If willingness to pay is an indication of what consumers want most, then the recently-released results of a study offers key insights that can help healthcare marketers focus their efforts. 

The AKASA Survey

The online survey was commissioned by AKASA and conducted by YouGov during mid-March of 2022, polling over 2000 Americans. According to the press release, participants were asked: “When you seek out healthcare, are you willing to pay more or less for any of the following factors?” Respondents ranked their priorities in this context as: 

  • Quality of care (57%)
  • Ability to work with care team of choice (47%)
  • Ability to work with hospitals of choice (41%)
  • Location proximity or convenience (41%)
  • Ability to get an appointment quickly (40%)

Participants were also asked: “Assuming quality is equivalent across all care options, how far would you travel to get the best price for medical care?” 
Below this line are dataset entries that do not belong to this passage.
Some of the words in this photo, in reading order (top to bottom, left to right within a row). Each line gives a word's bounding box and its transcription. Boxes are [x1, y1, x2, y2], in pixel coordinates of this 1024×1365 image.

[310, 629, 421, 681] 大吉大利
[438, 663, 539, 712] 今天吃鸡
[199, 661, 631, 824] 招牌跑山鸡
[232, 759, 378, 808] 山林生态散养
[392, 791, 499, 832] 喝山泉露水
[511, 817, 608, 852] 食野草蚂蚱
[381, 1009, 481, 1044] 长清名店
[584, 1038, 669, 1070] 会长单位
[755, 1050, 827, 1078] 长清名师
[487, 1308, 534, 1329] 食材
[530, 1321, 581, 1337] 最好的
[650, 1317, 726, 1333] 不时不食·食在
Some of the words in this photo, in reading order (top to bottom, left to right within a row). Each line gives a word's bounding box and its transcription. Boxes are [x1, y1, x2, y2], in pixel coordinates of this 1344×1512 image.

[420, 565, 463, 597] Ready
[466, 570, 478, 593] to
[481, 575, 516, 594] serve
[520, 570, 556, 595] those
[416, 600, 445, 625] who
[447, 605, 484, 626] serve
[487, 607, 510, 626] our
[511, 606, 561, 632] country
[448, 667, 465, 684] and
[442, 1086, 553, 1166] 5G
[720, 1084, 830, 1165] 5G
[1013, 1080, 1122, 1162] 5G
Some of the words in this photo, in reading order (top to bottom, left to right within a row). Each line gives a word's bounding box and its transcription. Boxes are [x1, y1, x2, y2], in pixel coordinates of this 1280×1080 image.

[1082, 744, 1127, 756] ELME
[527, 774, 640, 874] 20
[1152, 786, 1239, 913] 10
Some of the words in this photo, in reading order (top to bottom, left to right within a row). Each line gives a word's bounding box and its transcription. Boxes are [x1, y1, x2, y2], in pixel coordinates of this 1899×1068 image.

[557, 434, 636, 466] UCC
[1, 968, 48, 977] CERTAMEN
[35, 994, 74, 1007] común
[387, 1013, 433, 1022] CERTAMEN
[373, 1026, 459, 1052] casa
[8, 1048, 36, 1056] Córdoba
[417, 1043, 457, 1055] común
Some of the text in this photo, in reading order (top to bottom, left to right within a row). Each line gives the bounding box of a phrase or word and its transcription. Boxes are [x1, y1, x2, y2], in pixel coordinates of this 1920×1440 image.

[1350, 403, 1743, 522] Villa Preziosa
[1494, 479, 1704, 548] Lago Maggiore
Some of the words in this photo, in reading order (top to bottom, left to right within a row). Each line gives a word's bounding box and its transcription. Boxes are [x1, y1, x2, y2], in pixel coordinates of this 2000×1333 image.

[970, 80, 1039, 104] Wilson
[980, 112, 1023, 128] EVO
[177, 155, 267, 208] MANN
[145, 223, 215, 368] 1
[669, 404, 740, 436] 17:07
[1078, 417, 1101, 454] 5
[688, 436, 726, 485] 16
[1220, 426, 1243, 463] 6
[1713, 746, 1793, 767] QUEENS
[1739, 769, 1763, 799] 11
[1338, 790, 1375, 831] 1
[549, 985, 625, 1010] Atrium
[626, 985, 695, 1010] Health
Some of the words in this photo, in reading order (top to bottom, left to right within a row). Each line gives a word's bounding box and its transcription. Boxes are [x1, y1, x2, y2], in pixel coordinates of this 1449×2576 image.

According to the press release, “The survey found most Americans are willing to travel some for a reasonable price in healthcare but will not go to extraordinary lengths to access the best price: 82% of Americans prefer to stay within 50 miles when seeking out care at the best price.”

“The findings can help healthcare leaders prioritize what to focus on when thinking about their bottom lines through the lens of what patients are willing to pay for and aligning it with improving the patient experience,” said Amy Raymond, VP of revenue cycle operations at AKASA in a statement. 

Quality of Care and Healthcare Marketers

It can be easy to assume that factors which impact quality of care largely rest with clinicians. While members of the clinical staff certainly play a key role in this context, nonclinical staff members in various capacities—including healthcare marketers—can have a big impact, too. 

This dynamic is described in a 2019 post from Mercury® Healthcare—a technology and data analytics company that was acquired by WebMD in June of 2022. 

“While quality of care is dictated largely by the training, staffing, and ongoing development of competent physicians and providers, healthcare marketers can have a substantial impact,” the post says. “…quality of care is not limited to the interactions that take place directly between physician and patient: It begins with the very first communications a consumer has with the health system, whether they’re scheduling an appointment or simply filling out a form online.” 

Underscoring the link between effective patient engagement and quality of care, the company says the utilization of health analytics insights can help to “increase engagement and improve overall quality of care.”

Mercury Healthcare says using insights generated through health analytics supports the use of propensity modeling to help healthcare marketers:

  • Identify “specific demographic subsets with a healthcare CRM”
  • Create “unique personas and targeted precision marketing campaigns to both consumers and existing patients” 
  • Deploy “personalized, targeted messaging that empowers consumers to seek out the care they need and make informed decisions throughout their healthcare journey”

“Armed with this information, healthcare organizations can build, launch, and manage multi-channel campaigns that target at-risk demographics, consumers with specific conditions, and even community-wide population health initiatives,” the company says. “All of this helps proactively guide patients towards the right type of care – at exactly the right time.”

Of course, HIPAA-compliance is always a priority—which is why it’s important to ensure that healthcare CRM (customer relationship management) offerings align accordingly.